Annotated photo localization data

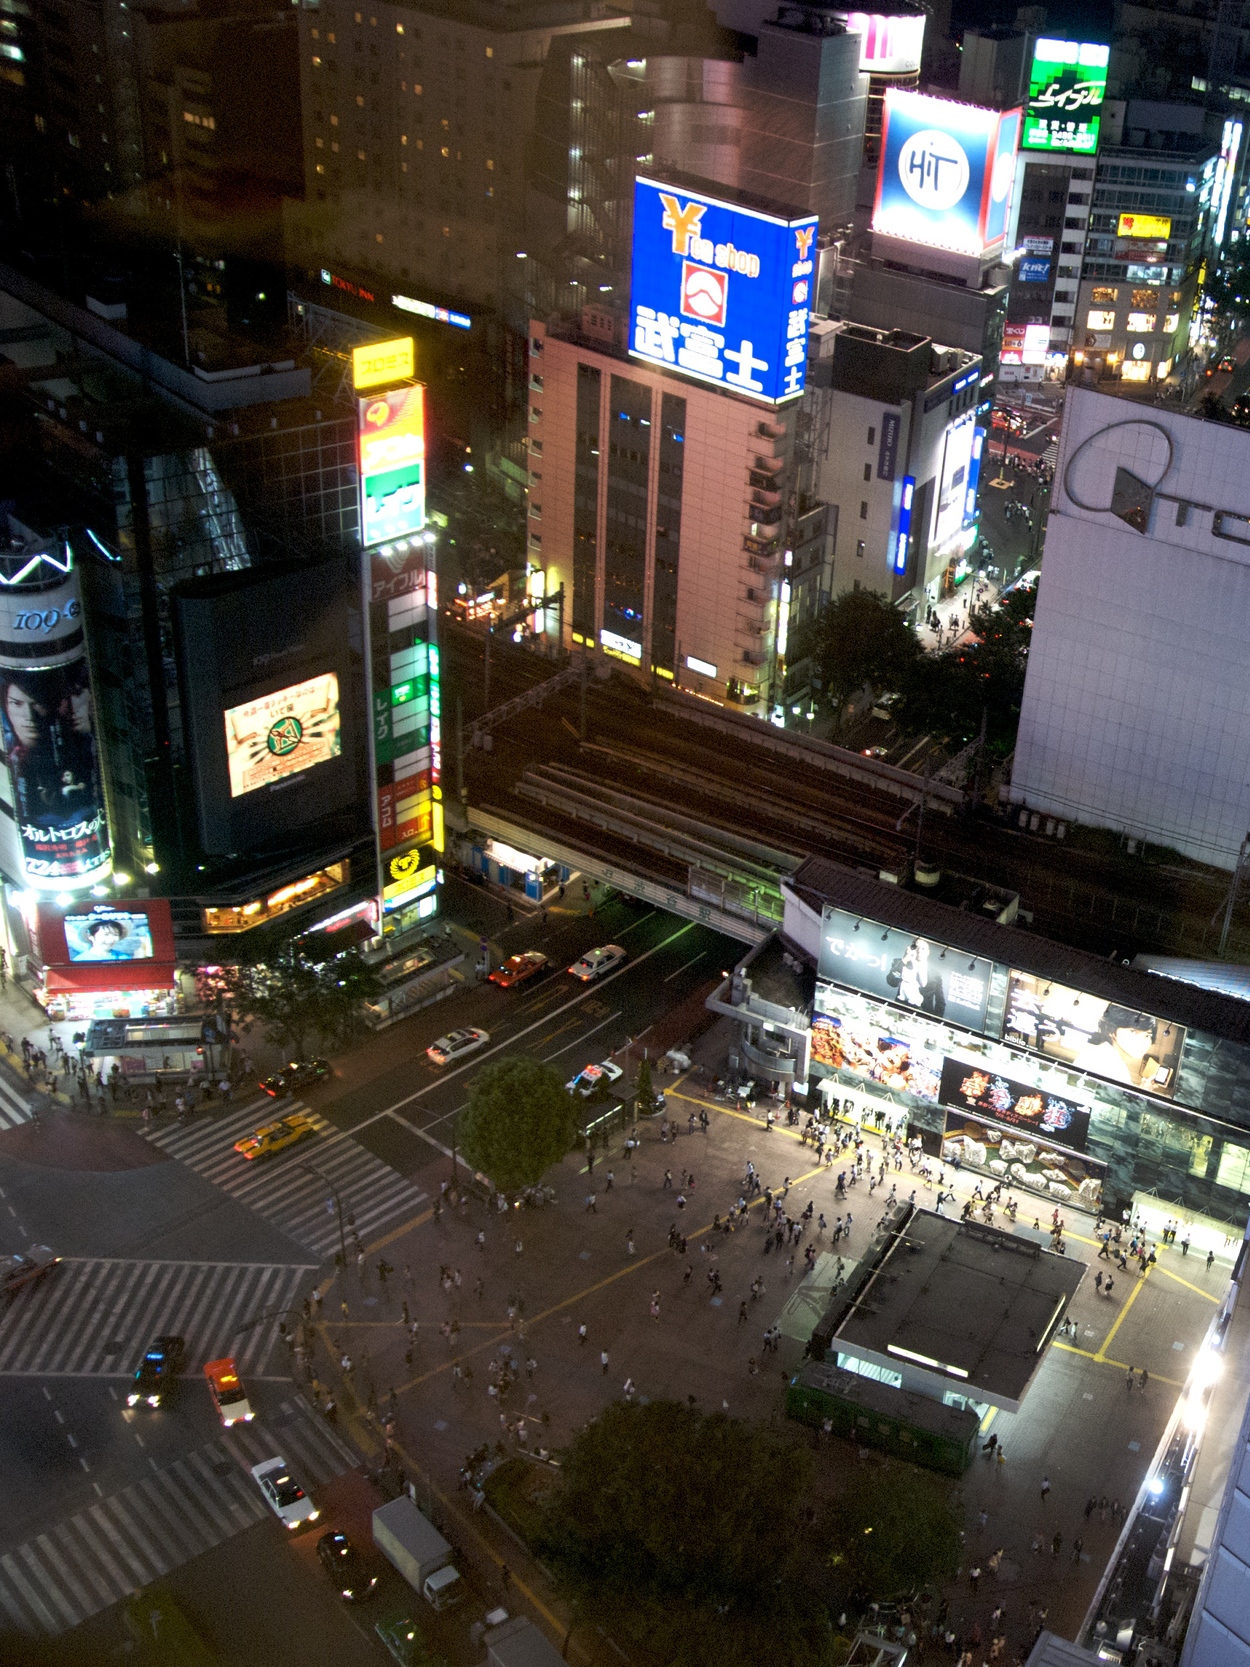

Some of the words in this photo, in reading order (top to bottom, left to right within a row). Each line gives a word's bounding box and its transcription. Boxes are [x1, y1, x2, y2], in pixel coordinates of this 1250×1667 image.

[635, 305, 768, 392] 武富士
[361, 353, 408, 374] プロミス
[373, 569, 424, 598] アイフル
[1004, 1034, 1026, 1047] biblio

> The task:
All of the entries need to be copied exactly, minus any pictures.

> Exercise output:
Some of the words in this photo, in reading order (top to bottom, left to right within a row). Each line gives a word's bounding box and its transcription. Boxes are [x1, y1, x2, y2], in pixel coordinates of this 1250×1667 image.

[635, 305, 768, 392] 武富士
[361, 353, 408, 374] プロミス
[373, 569, 424, 598] アイフル
[1004, 1034, 1026, 1047] biblio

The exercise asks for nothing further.